Nel corso della storia è cambiato il modo di percepire la Miniera di Sale „Wieliczka” che da impianto industriale si è trasformata in un’attrazione turistica famosa in tutto il mondo; un luogo termale in grado di regalare stupefacenti emozioni a chi lo visita.

Tutt’ora la Miniera di Wieliczka viene sovente utilizzata per visite ufficiali di illustri politici, sovrani e membri di famiglie reali. Re e regine, principi e principesse, capi di stato, artisti, insigni scienziati passeggiano per i cunicoli sotterranei e ne ammirano la maestosità, tutti concordi sulla sua bellezza e straordinarietà. Un vero miracolo della natura.

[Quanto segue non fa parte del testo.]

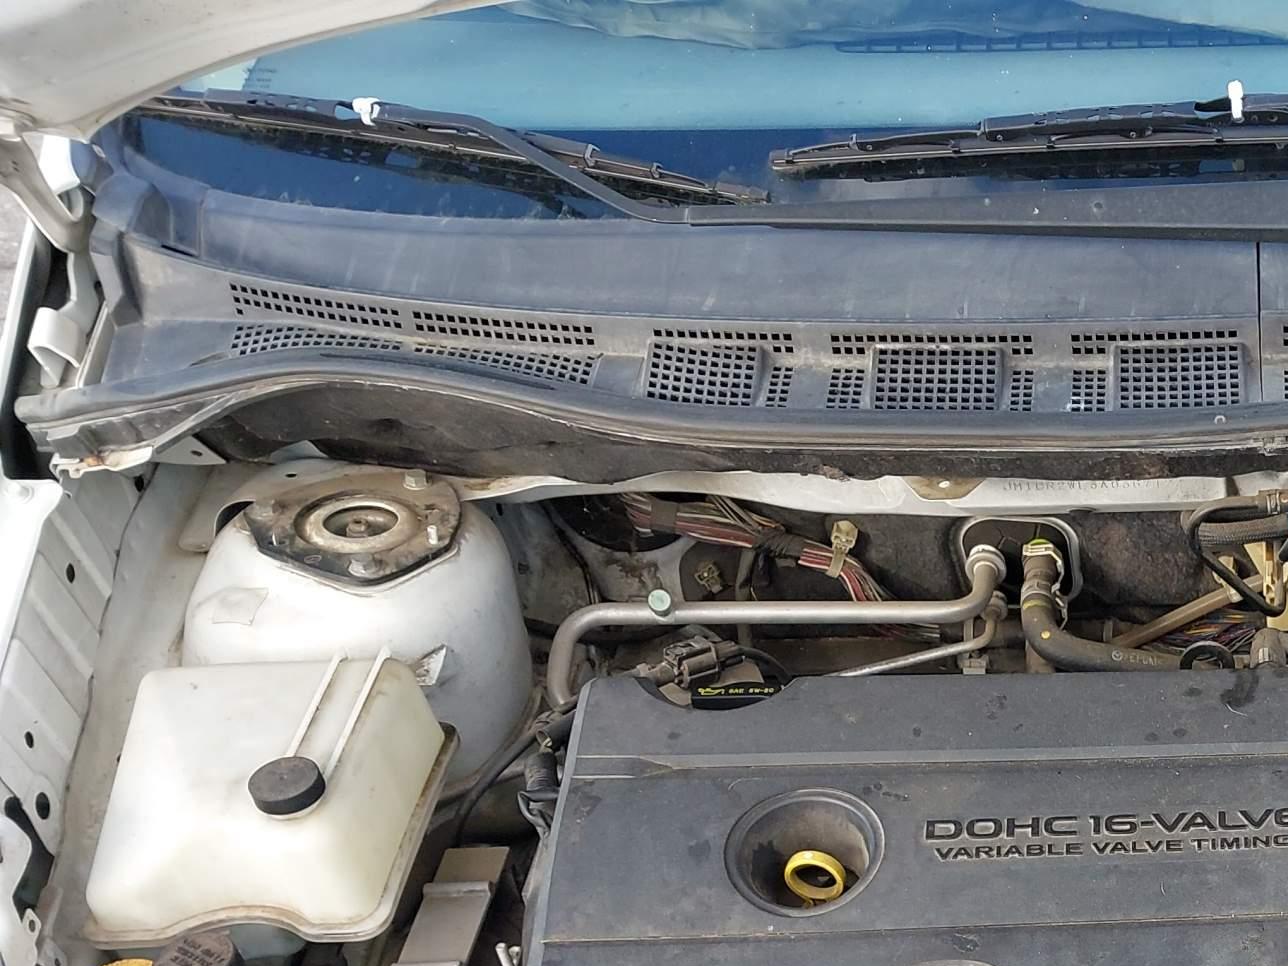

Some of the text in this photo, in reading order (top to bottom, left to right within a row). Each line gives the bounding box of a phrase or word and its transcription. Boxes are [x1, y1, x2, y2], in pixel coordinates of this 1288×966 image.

Oggi, l’obiettivo principale che si prefiggono i minatori che lavorano in questo luogo, è quello di conservare e condividere con le future generazioni questo monumento storico e culturale della Nazione Polacca, monumento straordinario e patrimonio mondiale della natura e della tecnica ed anche luogo di culto. Il loro lavoro sta nel continuare quanto realizzato dalle decine di generazioni di minatori liberi e specializzati, nel seguire le loro orme onorandole con infinita stima.